The lobster is divided into two colours straight down the middle of its back -- dull green on one side and bright orange on the other.

The fisherman who owns the trap the female lobster was caught in has named it Jay after his son, who hauled it on board their boat on Jan. 8.

Jay the lobster has been donated to the Bedford Institute of Oceanography in Dartmouth, N.S., as an educational exhibit.

"We got the call [Thursday] about the lobster," Doug Pezzack, a lobster biologist with the institute said Friday. "It's a very uncommon catch. Every year, 20 to 30 million lobsters are trapped [in the area] and we only hear about one or two of these a year."

Pezzack said the fisherman had to get special permission from the Department of Fisheries and Oceans to keep the lobster because of its small size.

It measures just 83 millimeters from eye to tail, and weighs 0.36 kilograms.

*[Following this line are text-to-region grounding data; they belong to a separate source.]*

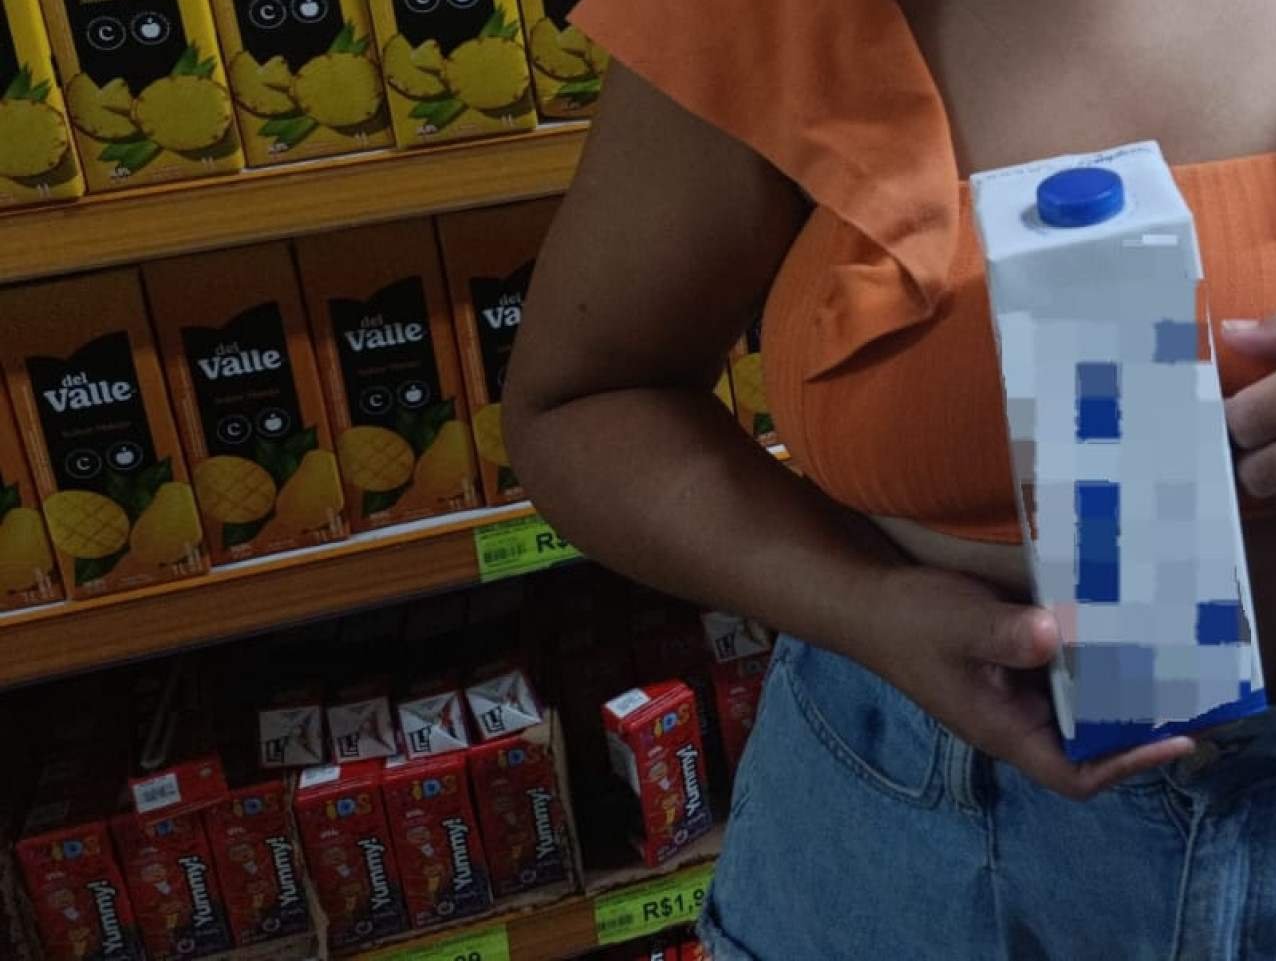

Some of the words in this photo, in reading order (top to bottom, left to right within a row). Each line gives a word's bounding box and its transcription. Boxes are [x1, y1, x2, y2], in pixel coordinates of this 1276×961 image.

[345, 322, 424, 352] Valle
[61, 371, 88, 388] del
[198, 348, 282, 381] Valle
[43, 380, 132, 412] Valle
[526, 786, 557, 860] Yummy!
[442, 816, 474, 891] Yummy!
[265, 836, 299, 907] Yummy!
[177, 855, 213, 927] Yummy!
[642, 888, 705, 922] R$1,9

Typically, lobsters are a mishmash of greens and blues, but Pezzack said sometimes strange lobsters like Jay are discovered, or even rarer ones that are bright blue, all orange or albino.

Pezzack thinks this particular lobster has a genetic mutation.

"Something happened during the development when the egg splits in half," he said. "The genetics on one side stays normal, but the other side turns red."

Jean Lavalle, a clinical scientist with the Lobster Science Centre in P.E.I., said the colouring may also have something to do with the lobster's diet.

"It's a genetic fluke type of thing," he said. "The diet can affect their colouring, depending on what they're feeding on. Lobsters eat just about anything. They're scavengers and will eat dead fish, but they're also active hunters and will go after live prey whether it's a crab, jellyfish or a sea urchin."

Sometimes genetically mutated lobsters can revert to their original colouring after being taken out of their natural habitats and put into aquariums.

Most two-toned lobsters that are discovered are also hermaphrodites, he added.

"We actually see them as hermaphrodites, with one side having female genital organs and the other side male," Lavalle said. "But we don't know if both organs are working or not."

Jay the lobster is "pure female" and about eight years old.